Forest

nature

Borjomi-Kharagauli National Park was created with the aim of preserving the diversity of wild nature areas, especially its virginal mountain forests. Hiking through the northern part of the National Park (Kharagauli District) up to 1000m, you will find yourself in a mixed broadleaved forest composed of chestnut trees, beech and hornbeam with intermittent alder trees, lime, colchic forestoak and others. The evergreen understorey represented by rhododendron, cherry laureland others of the colchic forest lend them a distinctly subtropical appearance. Going up to 1400m to the middle part of the forest zone you will see beech forest and mixed coniferous-broad-leafed forest groves.
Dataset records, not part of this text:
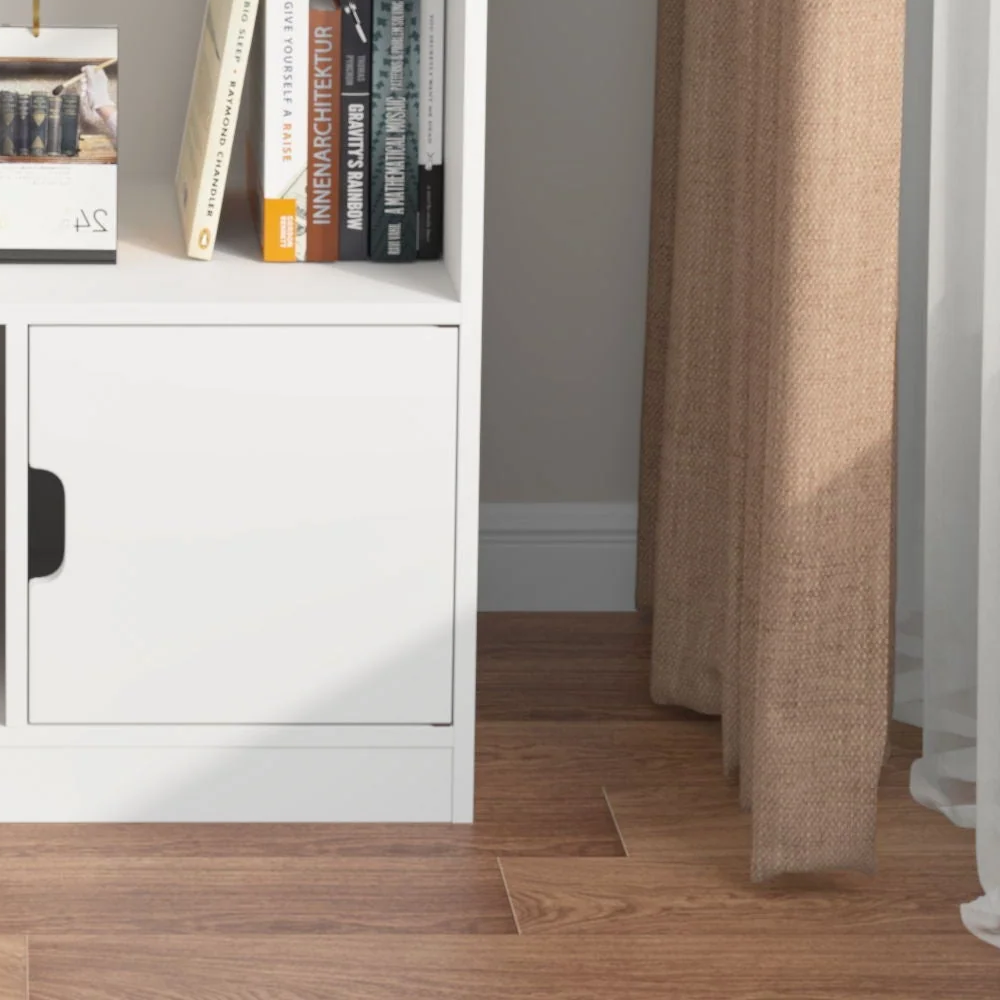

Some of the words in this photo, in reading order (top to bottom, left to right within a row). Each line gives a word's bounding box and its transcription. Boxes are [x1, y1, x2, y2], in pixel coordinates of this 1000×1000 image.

[240, 1, 251, 23] BIG
[284, 1, 293, 32] GIVE
[233, 28, 246, 64] SLEEP
[283, 36, 293, 103] YOURSELF
[218, 80, 237, 146] RAYMOND
[283, 109, 293, 117] A
[283, 123, 293, 162] RAISE
[312, 26, 333, 225] INNENARCHITEKTUR
[347, 103, 364, 167] GRAVITY'S
[384, 96, 406, 133] MOSAIC
[206, 151, 224, 218] CHANDLER
[384, 135, 405, 206] MATHEMATICAL
[347, 171, 364, 230] RAINBOW
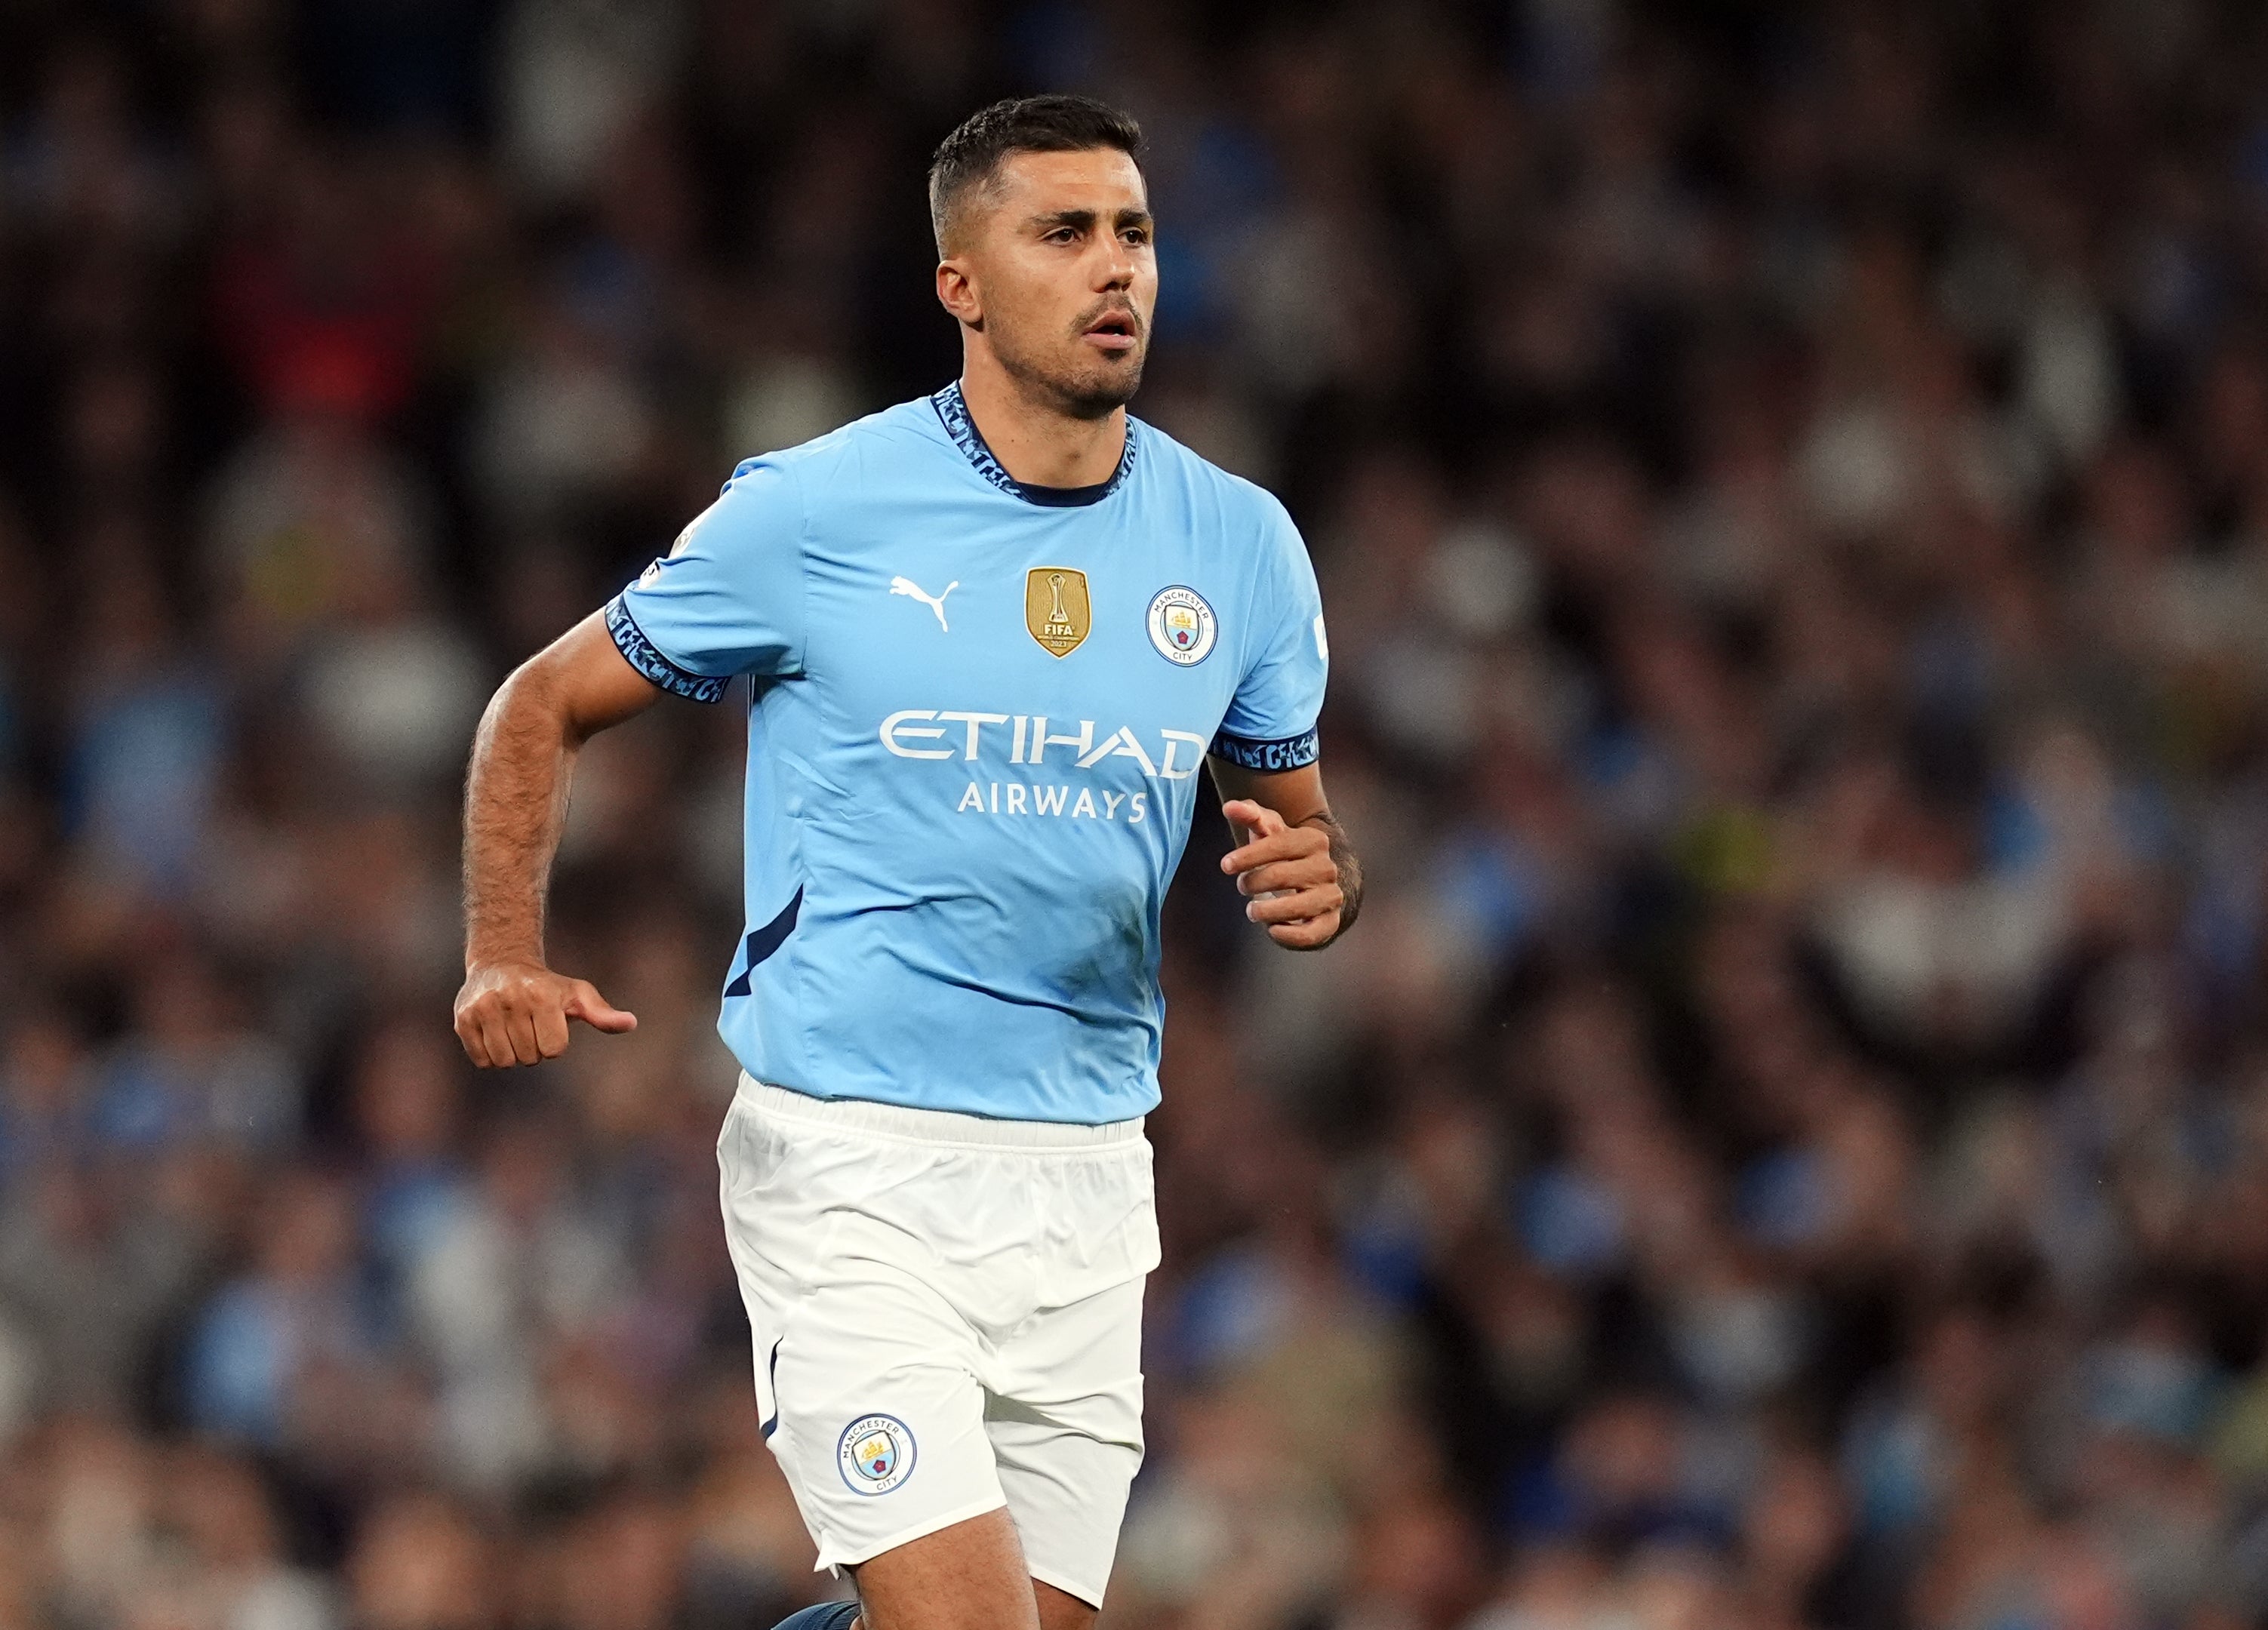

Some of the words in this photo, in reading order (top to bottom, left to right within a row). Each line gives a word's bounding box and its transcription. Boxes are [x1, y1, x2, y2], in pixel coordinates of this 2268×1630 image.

[1154, 592, 1209, 620] MANCHESTER
[1044, 624, 1073, 636] FIFA
[1173, 652, 1192, 661] CITY
[879, 709, 1207, 780] ETIHAD
[957, 782, 1147, 823] AIRWAYS
[843, 1419, 900, 1459] MANCHESTER
[876, 1475, 897, 1490] CITY
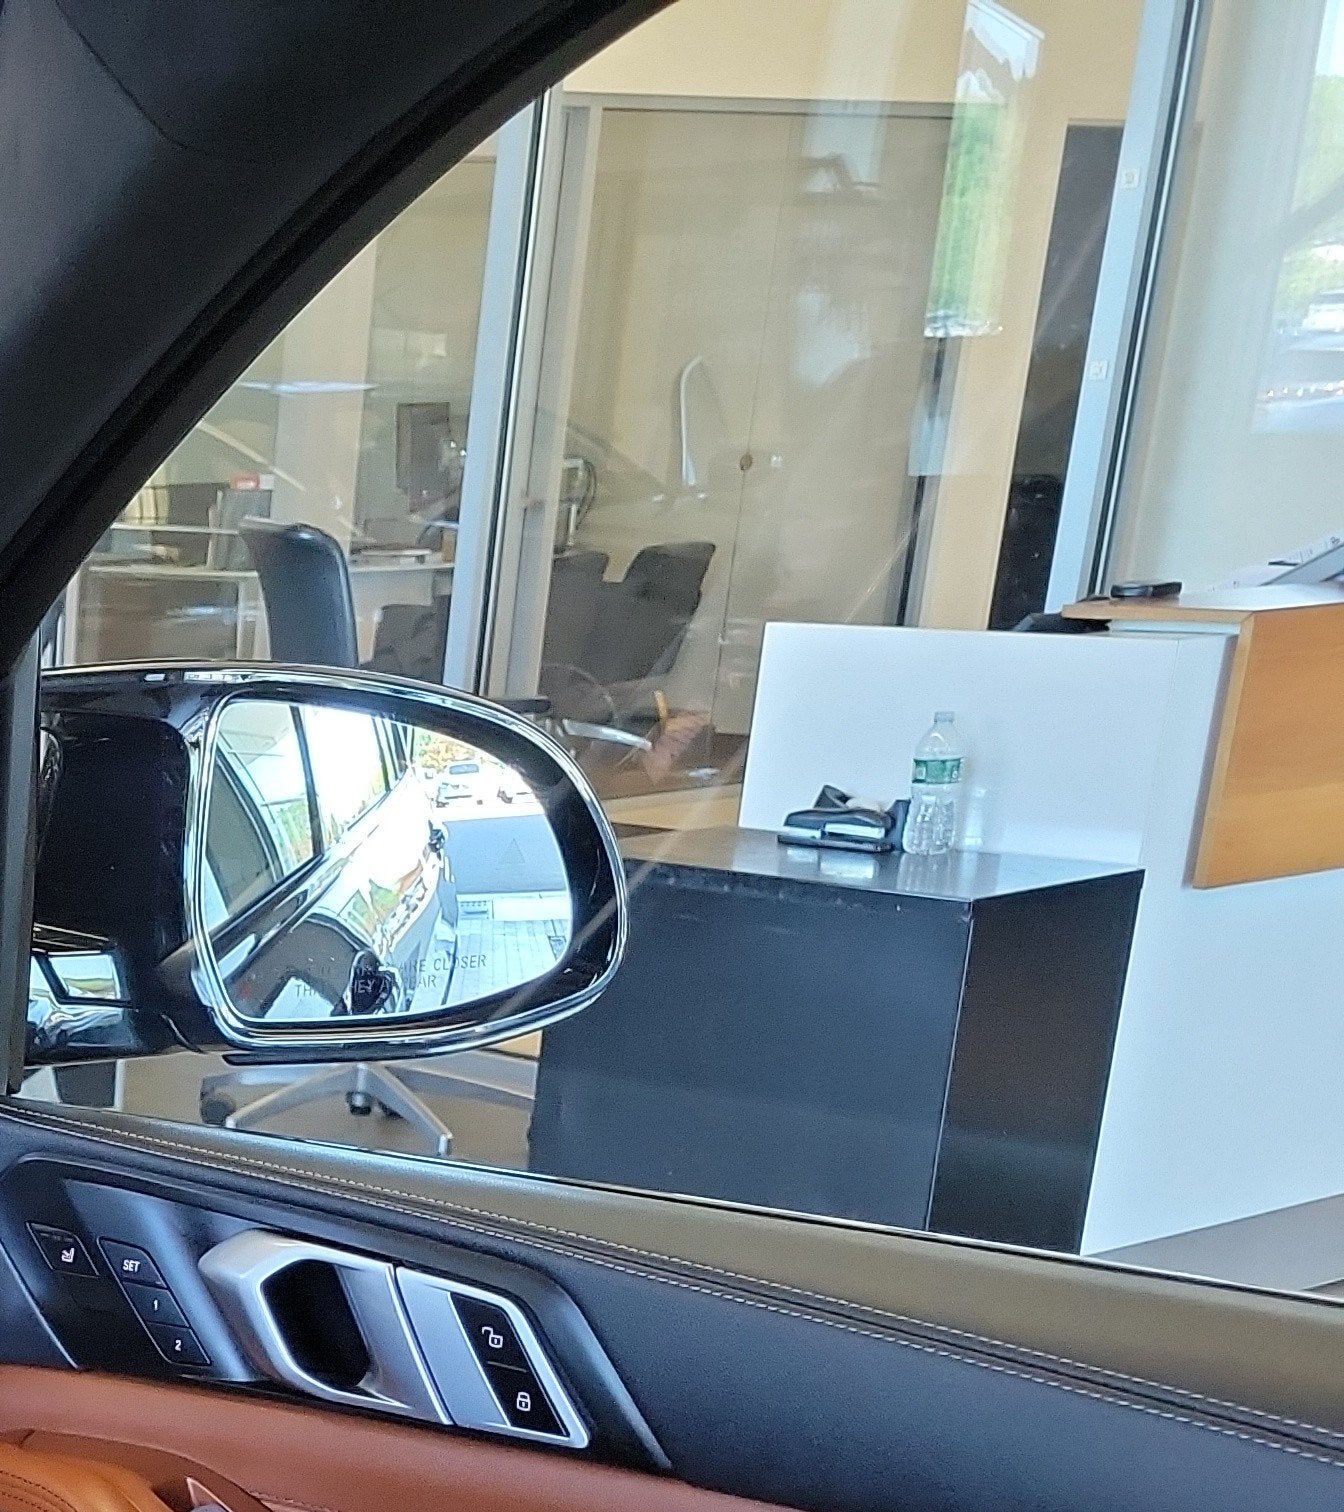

This part is especially picturesque at the end of October and beginning of November. On the upper belt of the forest zone (1800m), dark coniferous forests composed of spruce and fir prevail. In the gorges of the southern part of the National Park the distribution of elements of colchic vegetation is greatly reduced – instead, oak and pine tree forests are developed. Visitors who climb up to the subalpine zone of the National Park (1800-2200m) can observe subalpine forests and bushes composed mainly of rhododendron, subalpine meadows marked for their colourful variety, and subalpine tall grasses. Birch, Mountain maple and mountain oak as well as pine forests are well developed.